Just so sad

I thought I did ok, last week. But this week I've been so angry and now today I've been so sad. I feel like evil took a walk in my life these last two years. I just can hardly can get myself to move these last two days, I want to cry but the tears won't come. I been writing out my story to post, but it just hurts to remember it all at once. Everything was a lie, just a complete lie. I can hardly remember any good times, I always felt he had control till the end. After I started to date him, he wanted me around all the time, I was with him everyday till the night when he would go back to her. (I didn't know) When he moved out, is when I began to stay with him. I never felt like myself, I couldn't even cook right for him, I'm not a great cook but a decent one. He always would make fun of the way I spoke, I was born and raised in Ohio. (I'm am latina).
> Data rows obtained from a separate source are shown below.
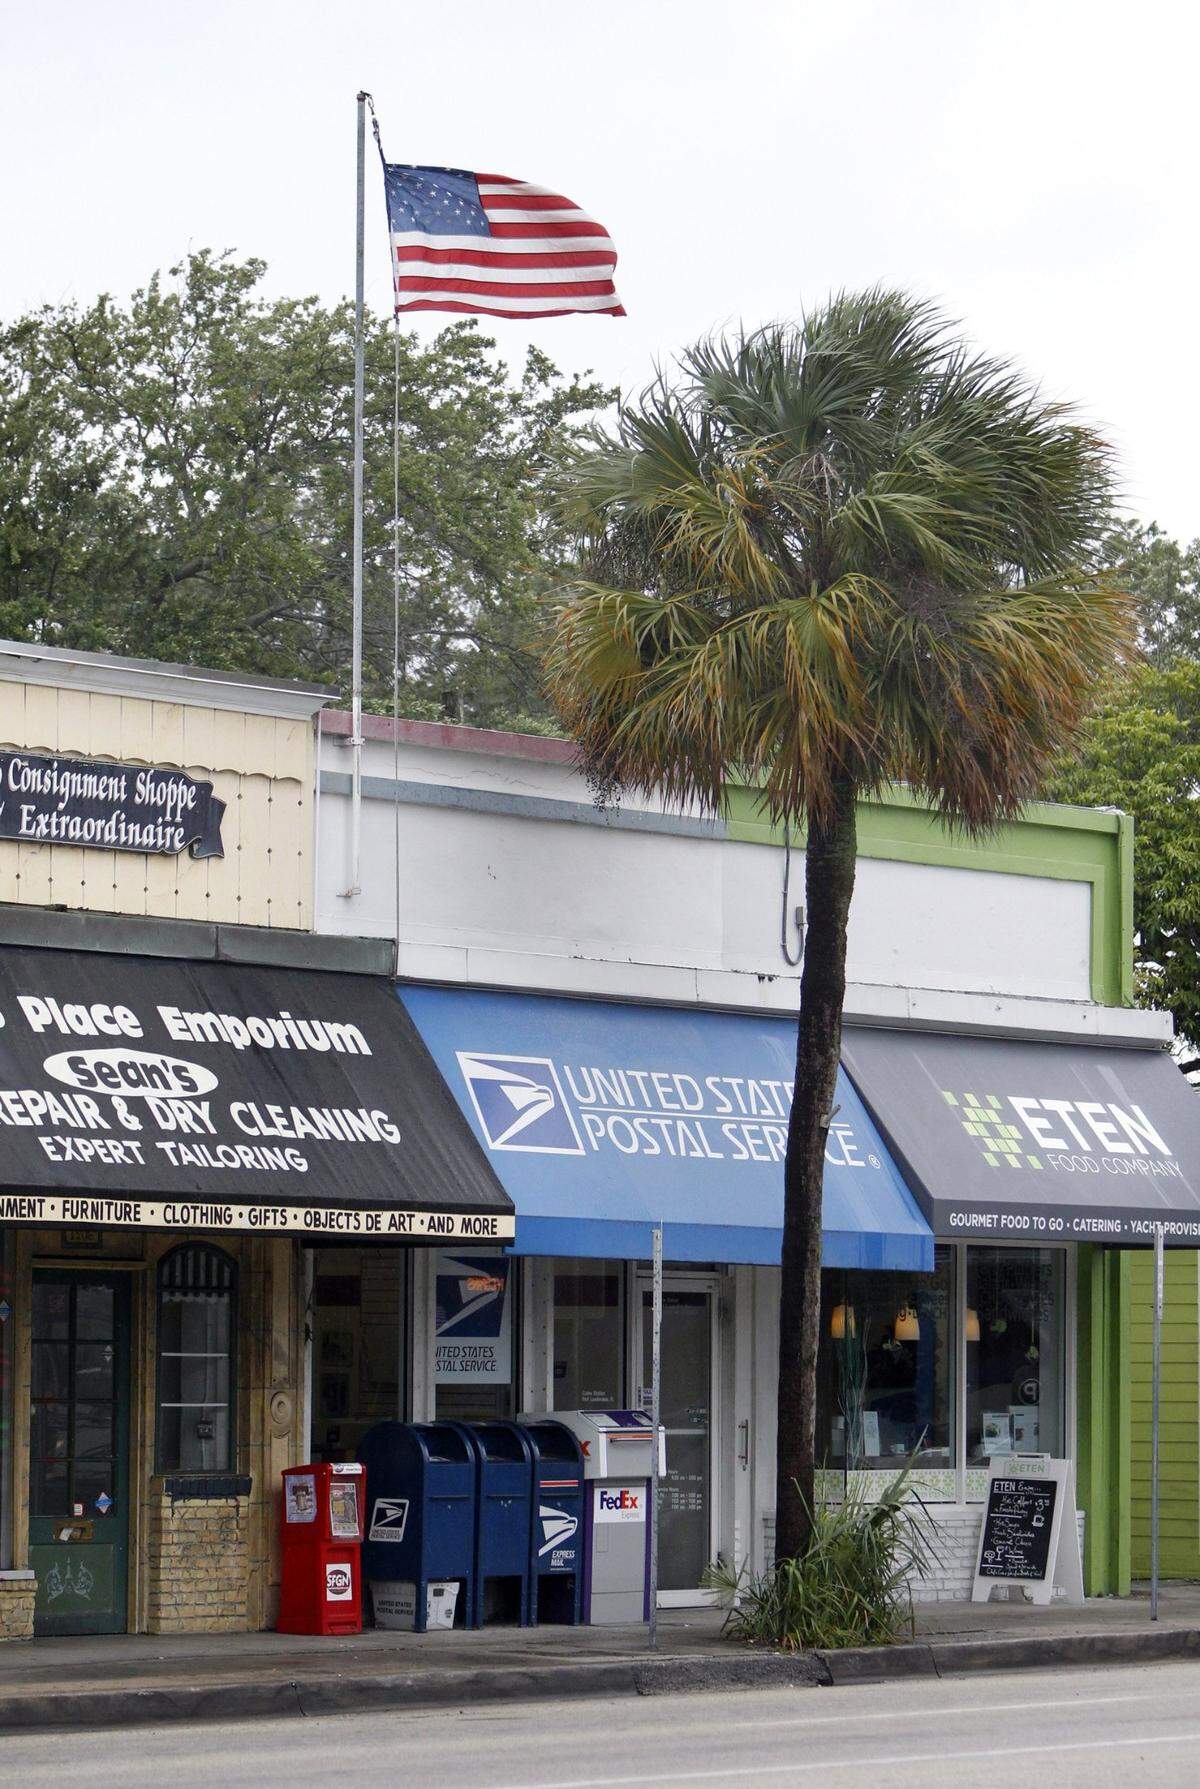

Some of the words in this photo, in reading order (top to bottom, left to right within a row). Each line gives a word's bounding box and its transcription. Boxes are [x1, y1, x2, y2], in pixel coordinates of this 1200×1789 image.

[8, 758, 128, 811] Consignment
[134, 769, 197, 823] Shoppe
[18, 804, 186, 850] Extraordinaire
[16, 996, 144, 1038] Place
[156, 1006, 373, 1056] Emporium
[564, 1066, 704, 1111] UNITED
[705, 1076, 795, 1117] STAT
[111, 1095, 143, 1131] &
[144, 1096, 217, 1135] DRY
[229, 1102, 401, 1145] CLEANING
[1007, 1096, 1172, 1156] ETEN
[581, 1114, 724, 1159] POSTAL
[722, 1123, 866, 1167] SERCE
[38, 1136, 146, 1165] EXPERT
[155, 1141, 308, 1173] TAILORING
[1047, 1154, 1100, 1174] FOOD
[1102, 1157, 1184, 1178] COMPANY
[62, 1199, 141, 1222] FURNITURE
[164, 1205, 233, 1225] CLOTHING
[248, 1207, 287, 1227] GIFTS
[304, 1210, 361, 1231] OBJECTS
[388, 1213, 415, 1232] ART
[427, 1216, 454, 1234] AND
[460, 1217, 498, 1236] MORE
[949, 1213, 998, 1229] GOURMET
[1001, 1215, 1030, 1230] FOOD
[1032, 1217, 1046, 1231] TO
[1048, 1217, 1064, 1232] GO
[1073, 1219, 1121, 1233] CATERING
[1130, 1220, 1161, 1234] YACHT
[461, 1346, 495, 1358] STATES
[435, 1360, 458, 1372] STAL
[459, 1360, 497, 1372] SERVICE
[1019, 1463, 1045, 1473] ETEN
[994, 1481, 1016, 1492] ETEN
[601, 1490, 638, 1510] FedEx
[550, 1559, 565, 1567] MAIL
[552, 1550, 576, 1559] EXPRESS
[327, 1575, 349, 1588] SFGN
Sometimes when he was watching TV, he wanted my attention on that, I couldn't read or be on the computer. I am not a huge tv watcher. Everynight, he would try on clothes to see what he was going to wear and if it made him look slim. It was always about him. I knew it then and thought I could deal with it. All the attention on him, made me not focus on my life and it is in a mess. Those are some of the small ways of control. THe ow (the same one from before) said he pays all the bills, buys her diamonds, takes care of her daughter and pays her car payment. She has a good job, so she would be fine if he didn't. He never did much for me. I think from what I learned she is secondary supply, always there to take him back. Maybe writing out my story is making me feel this all over again. I like so many of you, have grown up with a very abusive father, I sure some of my issues stem from that. I just want to be free from all this. in every area of my life. I am 53 and I am tried of falling, with no one to catch me. I have always had to be strong or least appear strong. I am just tried. One good thing, I started crying writing this, I haven't been able to cry.

apple's picture

Keep crying... soooo good for you!!! I just read your post and I want you to know that it gets so much better and easier... the pain goes away once you have had a period of time with nc. And once you are hit with the truths of the situation and realize that these men are nothing more than con artists... life gets better, it really does. The pain goes away. If you can just start seeing him for what he truly is... you will want to puke bc of all the betrayals (at least for me) but I think its finally the truth that sets us free. Keep your chin up... You are stronger than you know
dulcinea441's picture

My first line of advice is find a therapist right away and begin working through this pain with a professional. These forums are great and a life-saver for sure, but they are not quite enough to get your through the worst of it,not initially. You need to get to the bottom of why you allowed yourself to be abused -- and this is not a criticism, I am not labeling you "weak," but you have already alluded to past abuse which very well may have set you up for a lifetime of letting certain people in to walk all over you. A narcissist will take complete advantage of your empathy as well as your patience as you suffer in silence. You need to find the source of this pattern of self-sacrifice and systematically begin pulling it out by the roots. I say all this knowing that you have the strength to do it; you have survived a narc, after all -- you have made your way here, and you are full of more strength than you realize. Now it's time to empower yourself and say "No more." You will come through it, stronger than ever. But first have faith, love yourself enough to invest in YOU, and get some help to deal with this trauma. You are not alone, and it is not your fault, but from now on the focus is on how to protect yourself so that you never get abused like this again. Get your armor on and find that inner Warrior Goddess that's been wanting to fight for you her whole life and is ready to break forth -- she is in there. Hugs, D.